[Collected data]

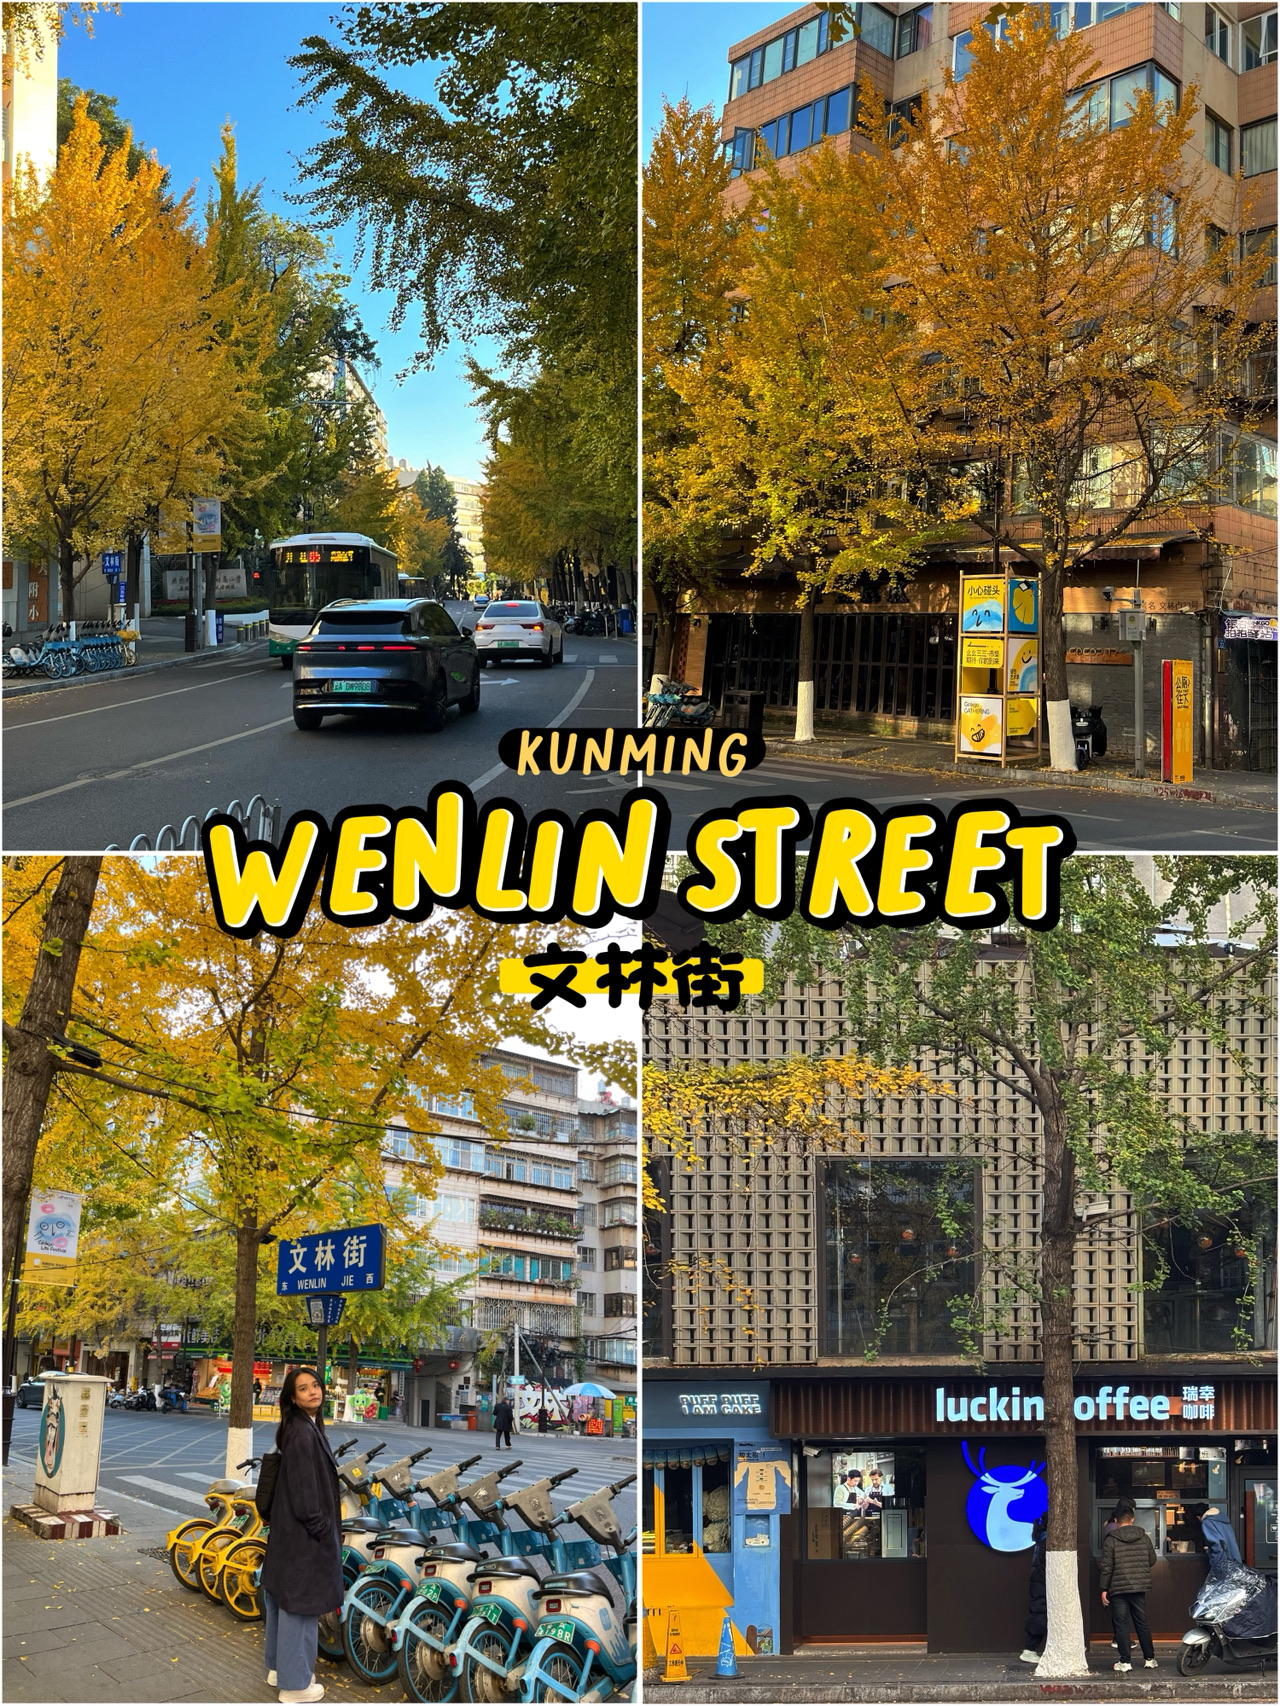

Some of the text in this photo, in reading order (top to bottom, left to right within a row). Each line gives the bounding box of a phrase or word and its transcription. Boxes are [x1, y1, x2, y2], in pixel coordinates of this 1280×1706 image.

[967, 584, 1001, 596] 小心碰头
[963, 701, 980, 709] Ginkgo
[288, 1235, 367, 1275] 文林街
[281, 1273, 375, 1292] 东 WENLIN JIE 西
[679, 1393, 759, 1406] PUFF PUFF
[1182, 1385, 1215, 1401] 瑞幸
[682, 1403, 762, 1415] I AM CAKE
[936, 1386, 1170, 1421] luckin offee
[1182, 1403, 1215, 1420] 咖啡

#### [AIM OF THE TASK]
Output the records verbatim, every one of them, and keep the pictures out.

#### [RESULT OF THIS EXERCISE]
Some of the text in this photo, in reading order (top to bottom, left to right within a row). Each line gives the bounding box of a phrase or word and its transcription. Boxes are [x1, y1, x2, y2], in pixel coordinates of this 1280×1706 image.

[967, 584, 1001, 596] 小心碰头
[963, 701, 980, 709] Ginkgo
[288, 1235, 367, 1275] 文林街
[281, 1273, 375, 1292] 东 WENLIN JIE 西
[679, 1393, 759, 1406] PUFF PUFF
[1182, 1385, 1215, 1401] 瑞幸
[682, 1403, 762, 1415] I AM CAKE
[936, 1386, 1170, 1421] luckin offee
[1182, 1403, 1215, 1420] 咖啡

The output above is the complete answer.